Has Starwood done enough in the six months since it began looking at strategic alternatives to maintain the status quo? Not likely at all.
Starwood’s financial performance in the second quarter, when it detailed progress on several key fronts including asset sales and hotel-pipeline growth, has apparently not slowed its search for a permanent CEO and the hotel chain’s consideration of strategic and financial alternatives.
In response to speculation that Starwood’s review of strategic and financial alternatives had been completed in light of improved performance or other factors, a Starwood spokesperson told Skift yesterday: “Both Starwood’s CEO search and review of strategic and financial alternatives are ongoing. The board has made no decisions and all options are still on the table.”
This potential Starwood reboot dates at least to February 17 when the company stunned the hotel industry and Wall Street with the resignation of CEO Frits van Paasschen. A little more than two months later, on April 29, Starwood, which has 10 brands ranging from its bedrock Sheraton brand to the W, Aloft and Le Meridien, announced that it had hired a banker to mull strategic and financial alternatives.
Adam Aron, a Starwood board member since 2006 and previously CEO of Vail Resorts, Norwegian Cruise Line, and the Philadelphia 76ers basketball team, has been filling in as interim CEO since van Paasschen’s departure. Aron has been referred to in Starwood press releases as both “interim CEO” and “CEO,” but in recent months the “interim” returned.
Nonetheless, Aron made significant changes at the top in May. Paul James departed from his role overseeing St. Regis, W, and the Luxury Collection, and responsibility was turned over to individual brand leaders. Two were internal promotions while St. Regis went to the former COO of Trump Hotels.
One financial analyst, who declined to be identified, says Starwood has reported significant progress in the second quarter in two areas where van Paasschen apparently fell short and likely triggered his departure: asset sales and pipeline growth.
Starwood is executing now and returning shareholder value, the analyst says, adding: “They are basically doing everything right.”
To say that Starwood turned things around on a dime, however, or has done enough to convince Wall Street that everything is on track might be premature. Although there was a degree of stagnation in 2014 it would be unfair to pin this all on then-CEO van Paasschen because the asset sales and signings had to be in the works during his tenure.
For example, in pursuit of its asset-light strategy, Starwood is now on pace to reach its 2013 investor day goal of $2.5 to $3 billion in asset sales by 2016.
An Improving Pipeline
Pipeline growth, meanwhile, has been accelerating after idling on a sequential basis throughout much of 2014. Starwood’s pipeline growth by number of rooms climbed from 2.9 percent year over year in the fourth quarter of 2014 to 4.8 percent in the first quarter of 2015 and 6.7 percent in the second quarter of 2015.

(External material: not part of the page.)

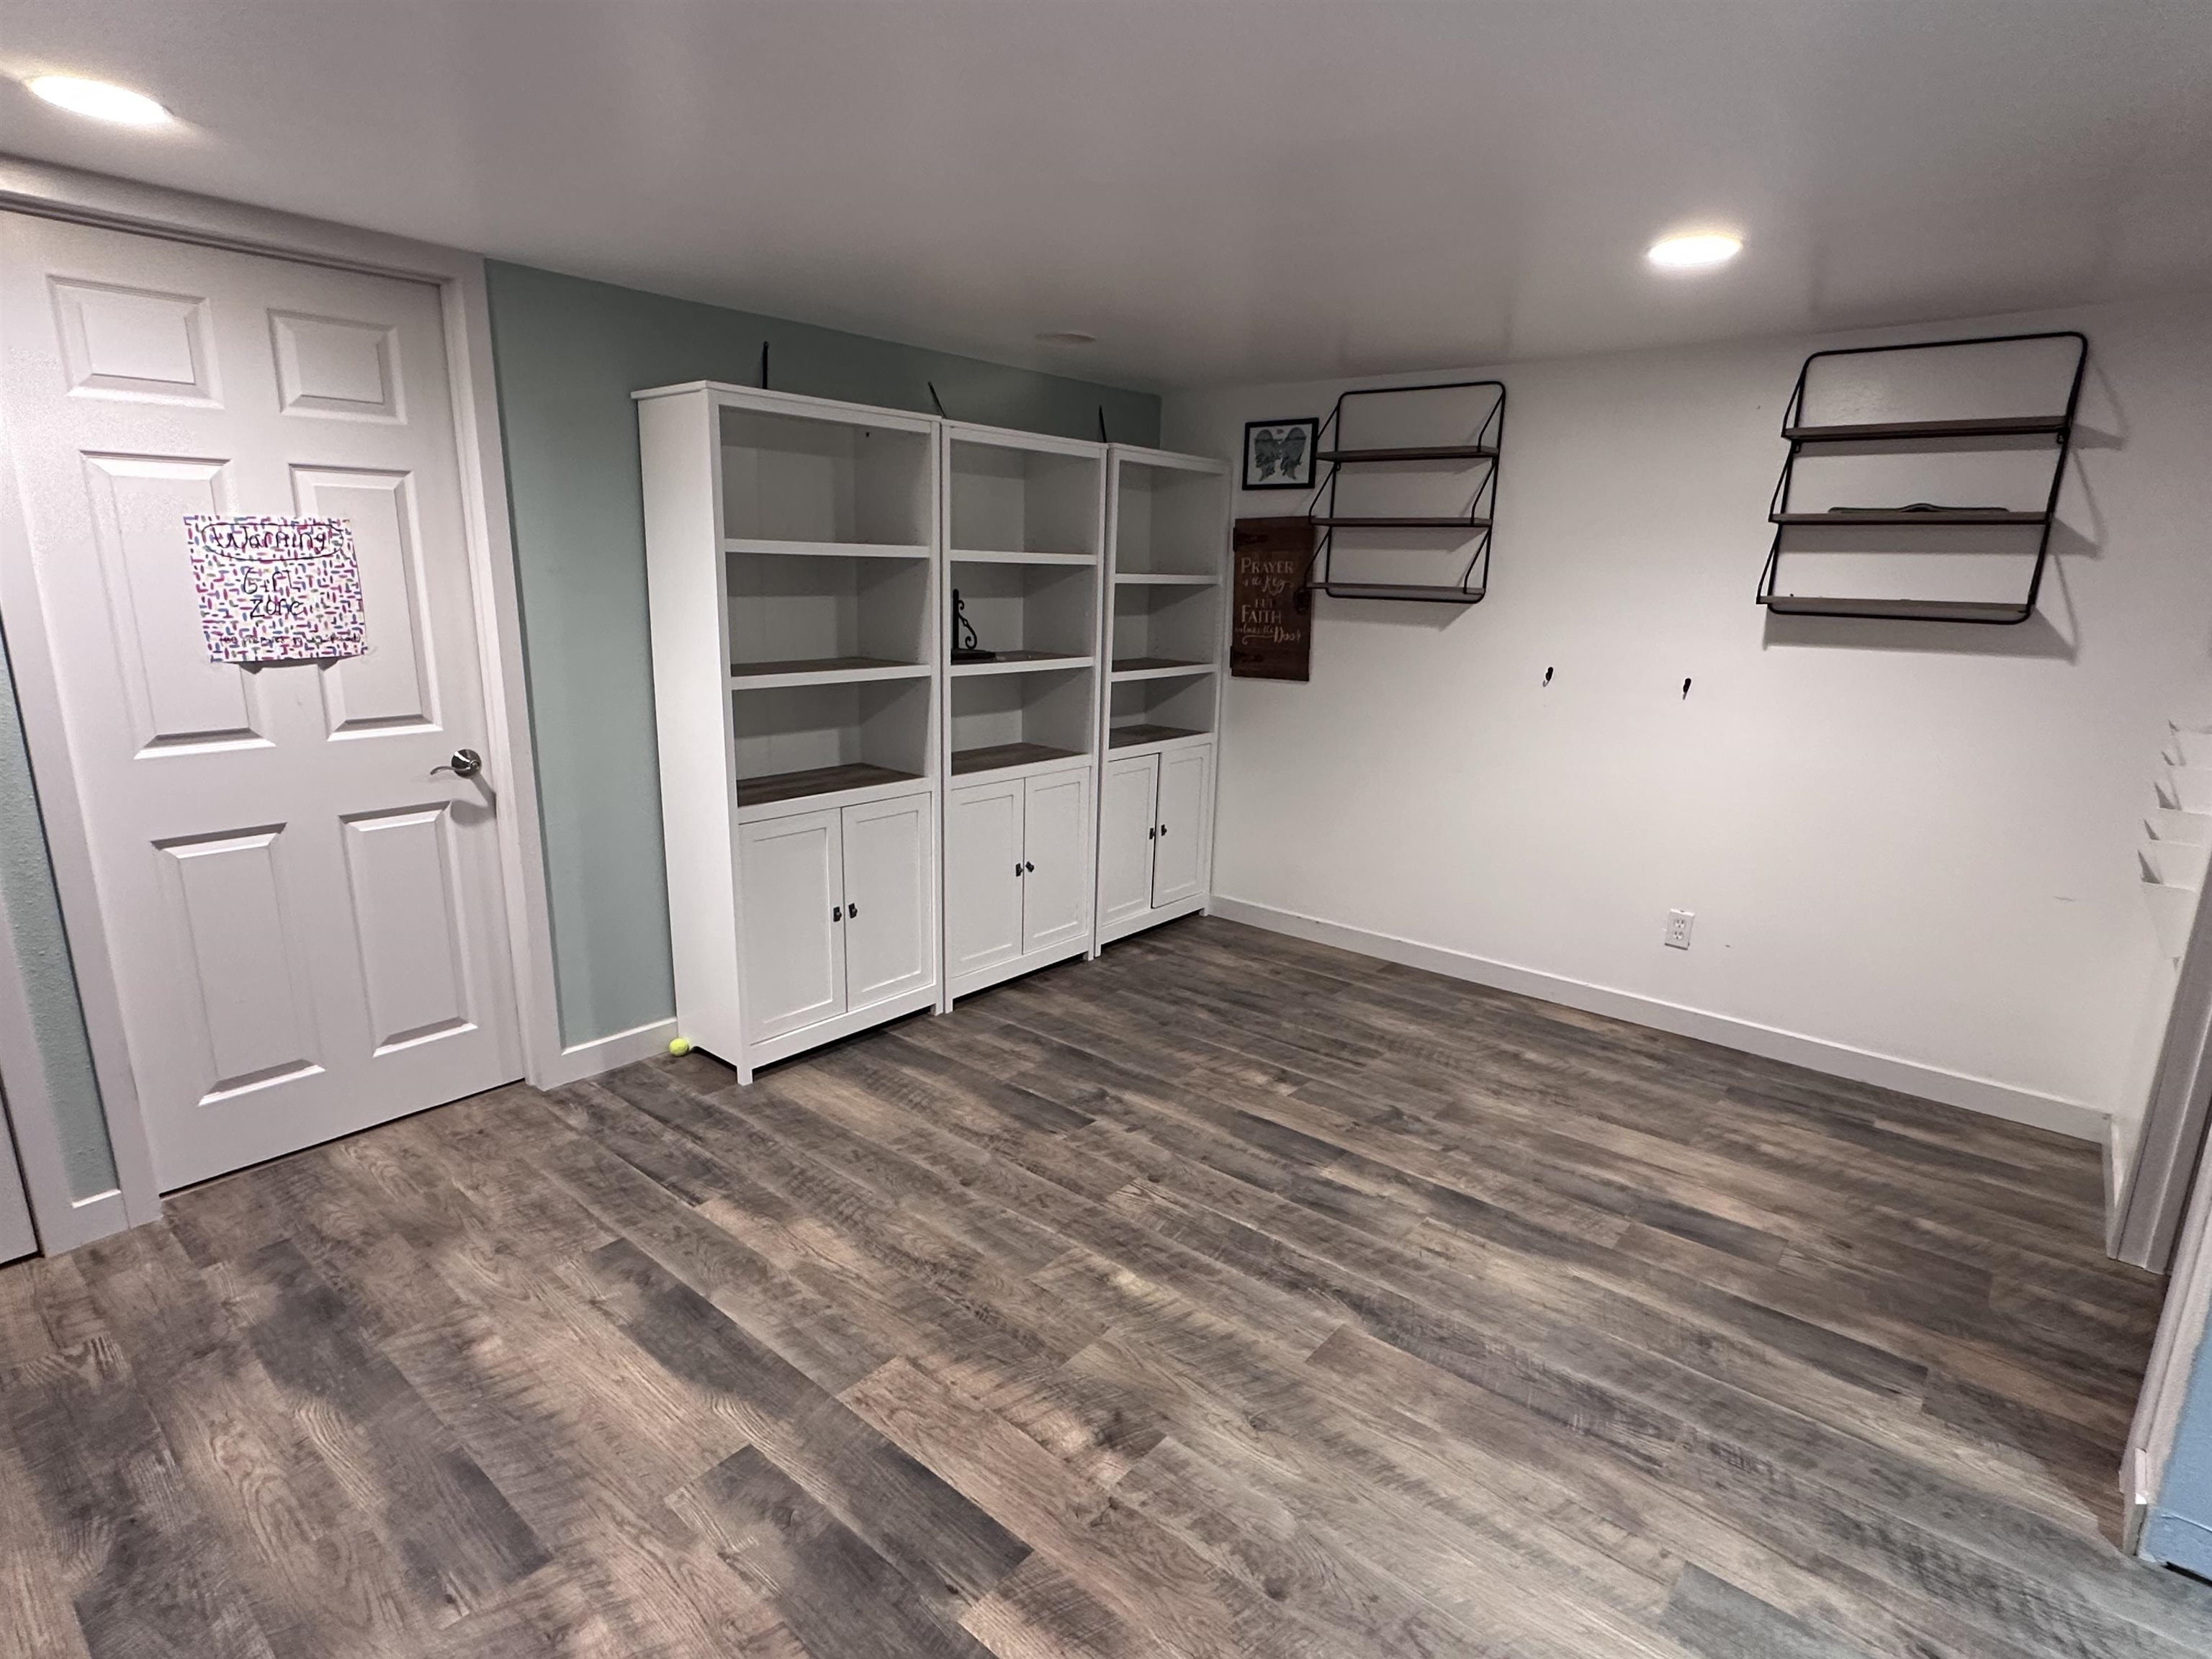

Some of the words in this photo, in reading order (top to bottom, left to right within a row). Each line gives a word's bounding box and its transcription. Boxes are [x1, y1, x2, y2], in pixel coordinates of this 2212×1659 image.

In fact, Starwood stated it had 500 hotels, or 112,000 rooms, in its active pipeline through the end of the second quarter of 2015, including 56 percent in the upscale and luxury sectors and 76 percent beyond North America.
For the first half of 2015, room signings were up 39 percent year over year, Starwood states.

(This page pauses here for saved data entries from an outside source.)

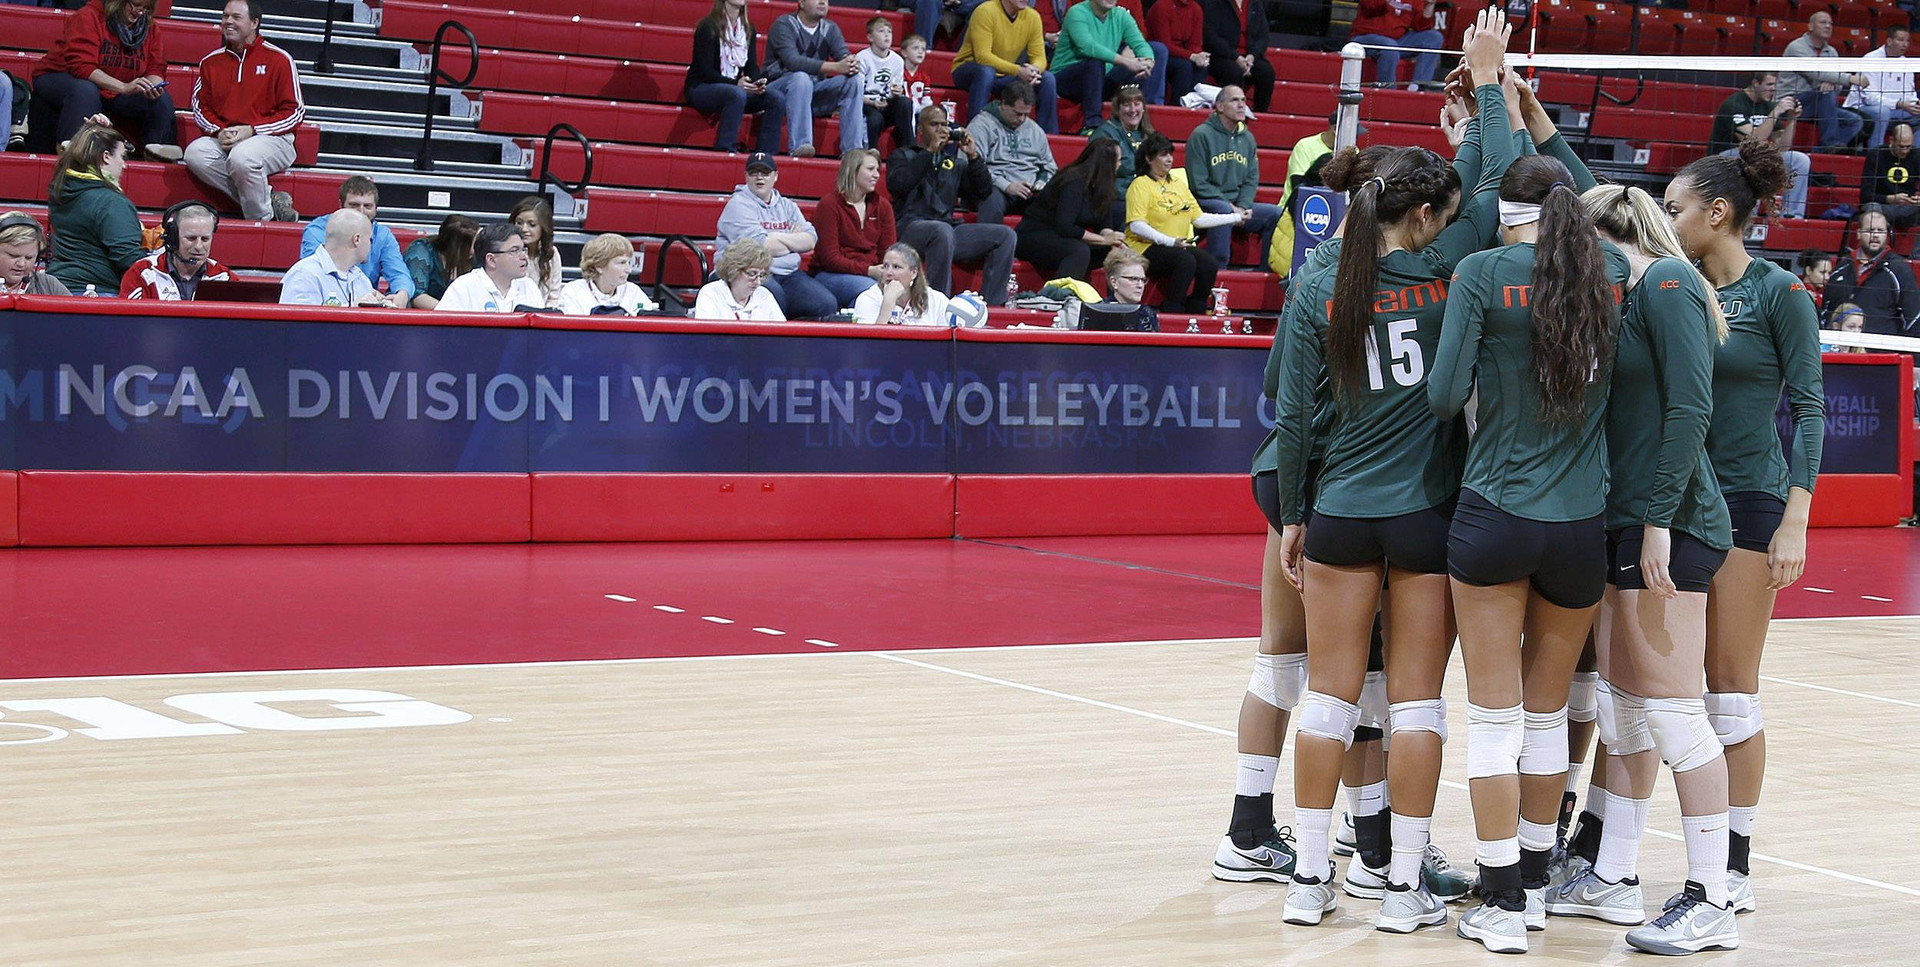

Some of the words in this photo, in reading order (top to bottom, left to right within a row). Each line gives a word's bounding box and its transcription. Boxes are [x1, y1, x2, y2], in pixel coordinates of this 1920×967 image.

[1434, 11, 1447, 30] N
[255, 65, 264, 75] N
[755, 152, 765, 161] T
[1888, 166, 1909, 184] O
[1305, 212, 1329, 227] NCAA
[1659, 278, 1680, 290] ACC
[1364, 317, 1425, 391] 15
[58, 363, 265, 418] NCAA
[287, 369, 573, 422] DIVISION
[599, 375, 610, 422] I
[631, 376, 904, 425] WOMEN'S
[921, 381, 1241, 428] VOLLEYBALL

Van Paasschen had been criticized for Starwood’s lack of penetration in the select-service arena but in Starwood’s second quarter earnings call July 30, Aron said: “Turning to the select service category, determined action has caused more than 40 percent of Starwood’s entire pipeline to come from our limited-service hotels in the upscale market segment.”

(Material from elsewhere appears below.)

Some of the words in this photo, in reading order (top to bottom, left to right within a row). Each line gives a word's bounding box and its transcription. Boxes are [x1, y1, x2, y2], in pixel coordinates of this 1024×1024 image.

“Measured by number of hotels, Four Points now has the largest pipeline of hotels coming into our system of all 10 of Starwood’s brands, with Aloft being the second-largest brand in our pipeline,” Aron added.
Another area where Starwood has been attempting to reverse course involves Sheraton, which makes up about 40 percent of Starwood’s overall business. After Aron admitted in April that Sheraton was basically a tired brand with uneven service levels, Starwood launched a Sheraton turnaround plan backed supposedly by a $100 million marketing campaign. The jury is still out, of course, on how this will play out at the property level at Sheraton.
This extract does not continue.